The IGT was inspired by these seemingly discrepant findings and aims to explain why perceptual grouping is sometimes a parallel process and why it requires serial processing in other situations. The theory relates neurophysiological mechanisms for perceptual grouping to preattentive and attentive psychological processes, addressing the time constraints and capacity limits that are observed in some but not all grouping tasks. As neuronal codes for grouping, we will consider, first, the roles of neurons that are selective for feature conjunctions and complex feature constellations (Ghose & Maunsell, 1999; Riesenhuber & Poggio, 1999a). These neurons compute what we call base groupings in parallel across the visual scene, and we will argue that this process maps onto preattentive vision (Fig. 3). Second, we will consider the propagation of an enhancement of neuronal firing rates (Roelfsema, 2006). This incremental grouping process has a limited capacity, is time consuming, and corresponds to the spread of object-based attention across the representation of a perceptual object. In the last part of the article, we will also touch upon the previously proposed role of neuronal synchrony in binding (e.g., Singer & Gray, 1995; Watt & Phillips, 2000), but we suggest that the experimental evidence does not strongly support the involvement of synchrony in perceptual grouping operations.

Fig. 3
figure 3

Hierarchical organization of the visual cortex. a Neurons in lower areas of the visual cortex such as the primary visual cortex (area V1) code simple features. Feedforward connections propagate this information to higher areas V2, V4, and IT. Neurons in these higher areas are tuned to more complex features and feature conjunctions. These feature conjunctions are called base groupings. b Recurrent processing involves feedback connections that propagate information from higher to lower areas and lateral connections that interconnect neurons in the same area. The recurrent connections propagate an enhancement of neuronal firing rates to label all the neurons that respond to features of the same object (highlighted contour elements on the right). This labeling process is called incremental grouping

In what follows, we will use the term grouping for the processes that delineate the features that belong to the same object, such as its color and shape, and also for the processes that identify the various image elements that belong to an object. Previous authors have used the term binding for the same processes. Because the IGT links levels of description, we will have to switch back and forth between neurophysiology and perceptual psychology. The IGT also proposes a number of computational principles that underlie the specificity of perceptual grouping, which could inspire more specific implementations as neural network models or in machine vision. However, in its present form, the theory is not sufficiently detailed to address the complex computational problem of finding the best way to parse a visual image given a set of local consistency constraints (for computational approaches, see, e.g., Barbu & Zhu, 2003; Borenstein & Ullman, 2008; Sharon, Galun, Sharon, Basri, & Brandt, 2006).
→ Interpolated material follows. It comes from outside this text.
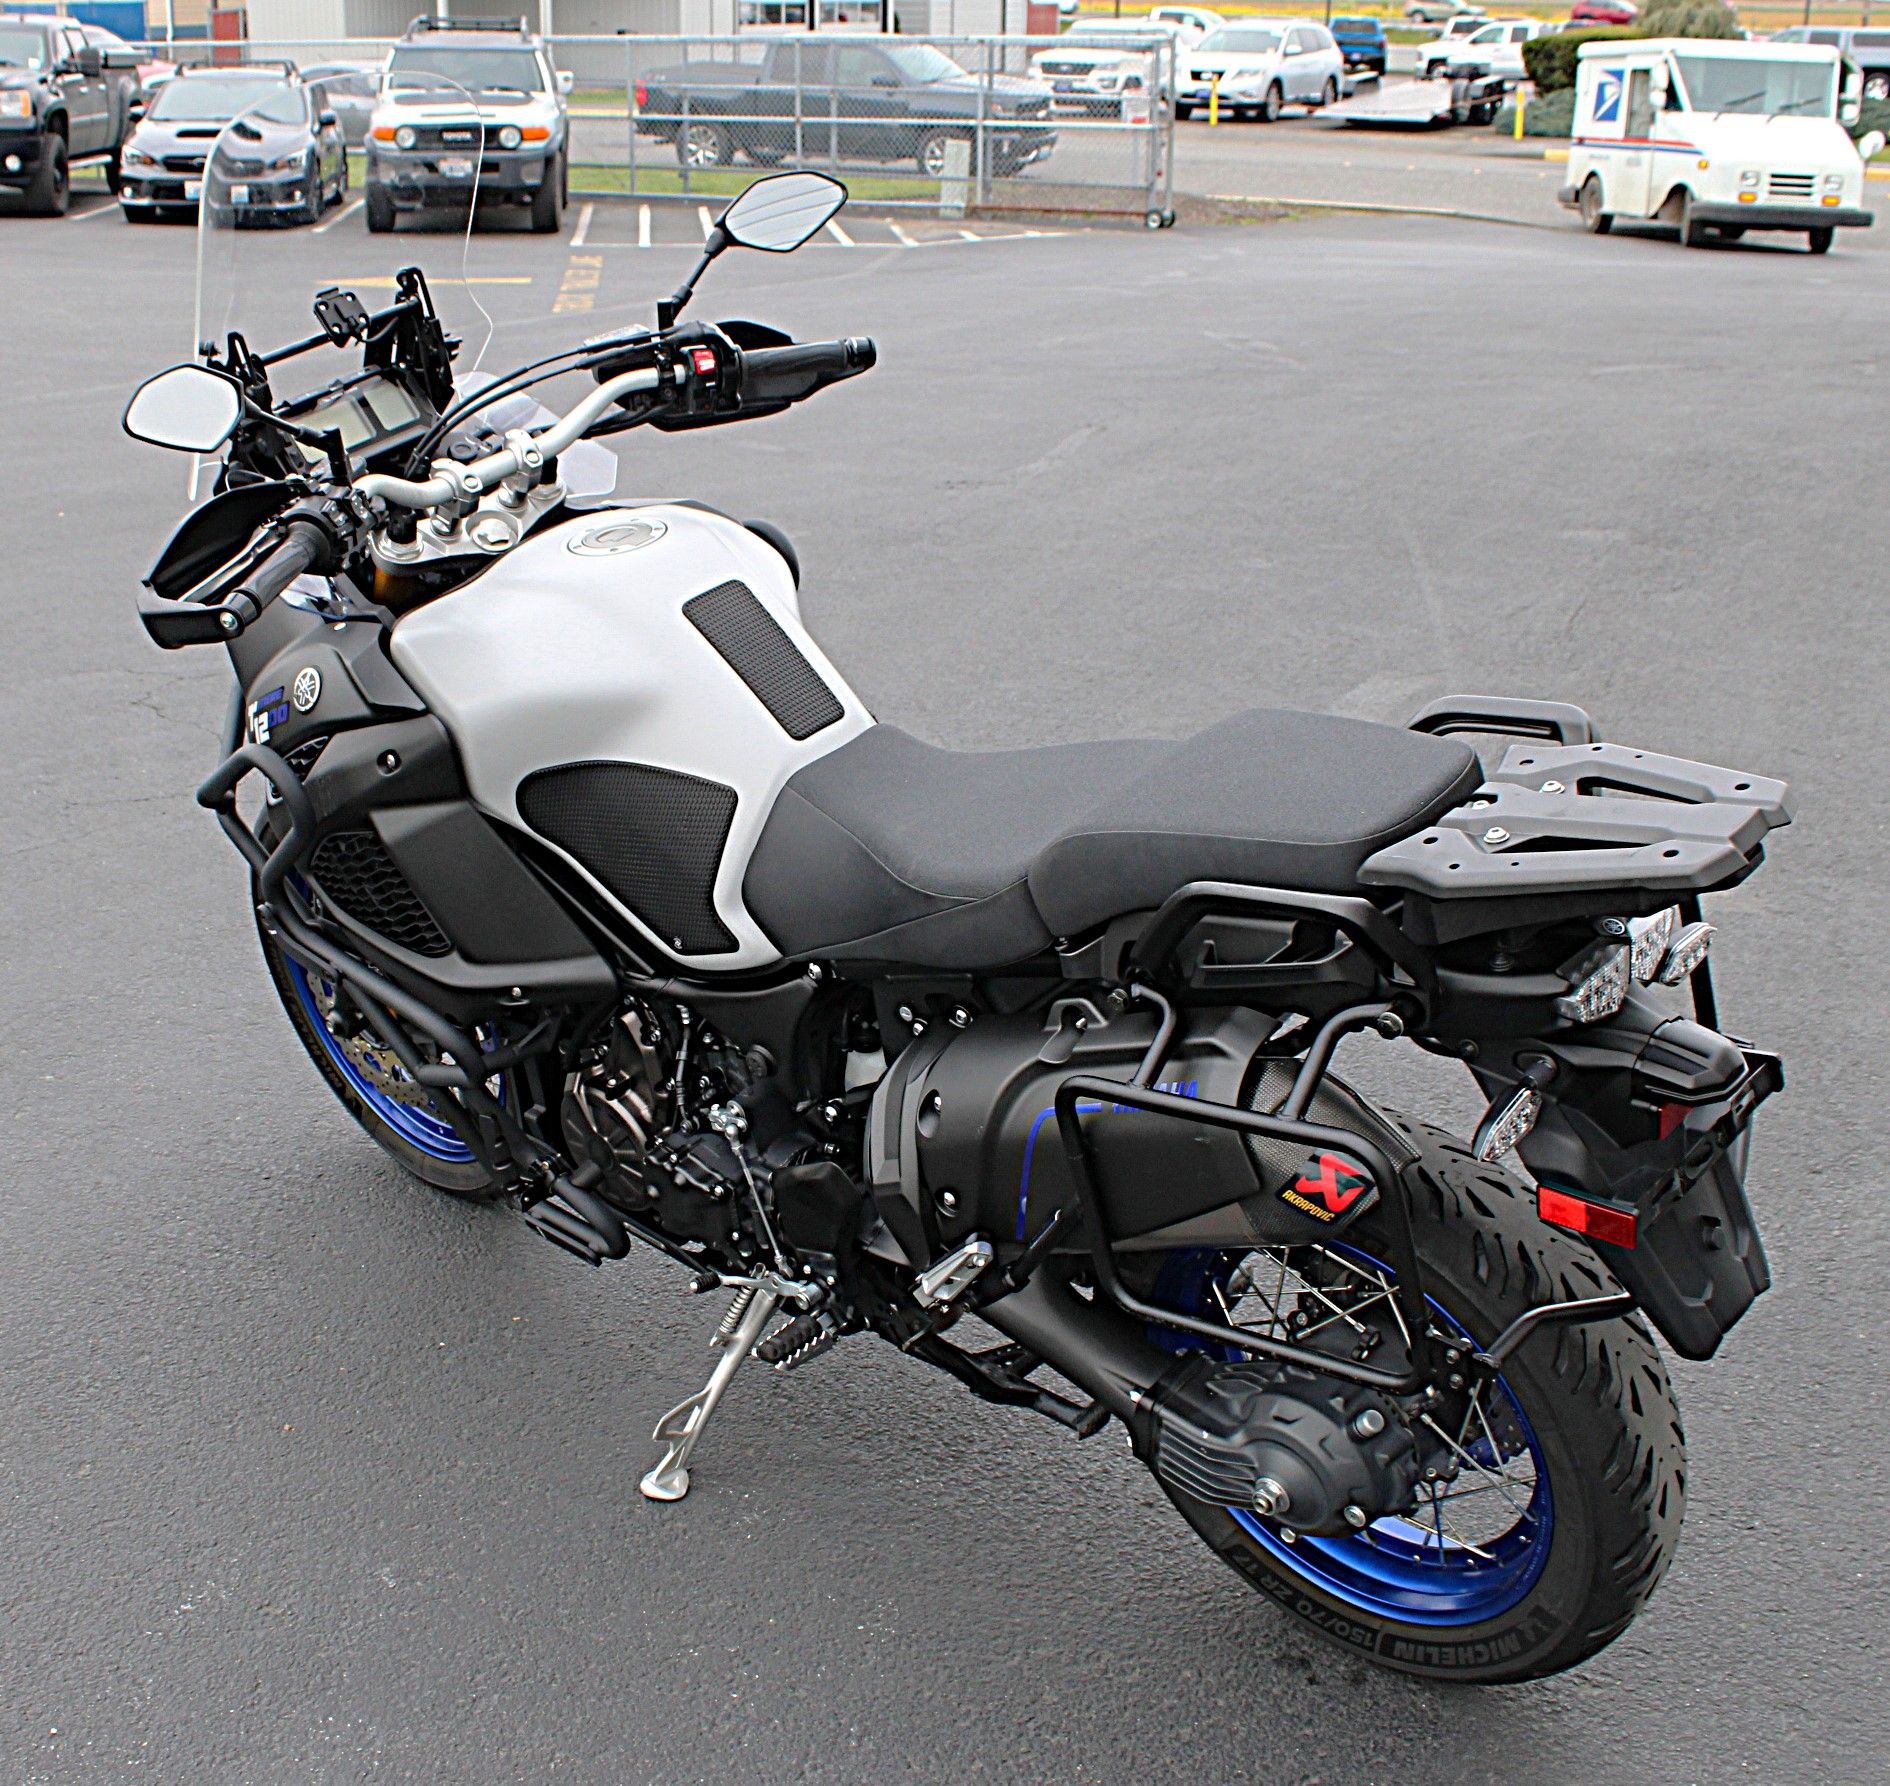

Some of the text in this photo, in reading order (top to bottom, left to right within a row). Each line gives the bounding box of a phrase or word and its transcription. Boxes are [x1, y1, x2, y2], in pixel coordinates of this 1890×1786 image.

[1233, 1552, 1375, 1648] 150/70 ZR 17
[1393, 1632, 1522, 1665] MICHELIN
The second section of the article will describe the core assumptions of the IGT that are inspired by neurophysiological findings. In a previous article (Roelfsema, 2006), we outlined some of these neurophysiological mechanisms, but the present article is the first to present the IGT comprehensively, as a number of conjectures. In the third section, we then use the theory, for the first time, to reconcile apparently conflicting findings on the efficiency of grouping, thereby establishing new connections between the neurophysiology of perceptual grouping and the large psychological literature on this topic. We will discuss tasks that probe binding and object perception, but we will initially stay away from visual search and texture segregation, tasks that have been used to measure the efficiency of feature binding in previous work (e.g., Treisman & Gelade, 1980; Wolfe, 1994). We will postpone a discussion of these tasks to the fourth section, which specifies similarities and differences with previous theories of perceptual grouping. We will suggest that the neuronal mechanisms for search and texture segregation are more complex than may have been anticipated in these earlier studies. Finally, the fifth section makes a number of new predictions that could be exploited to test the theory.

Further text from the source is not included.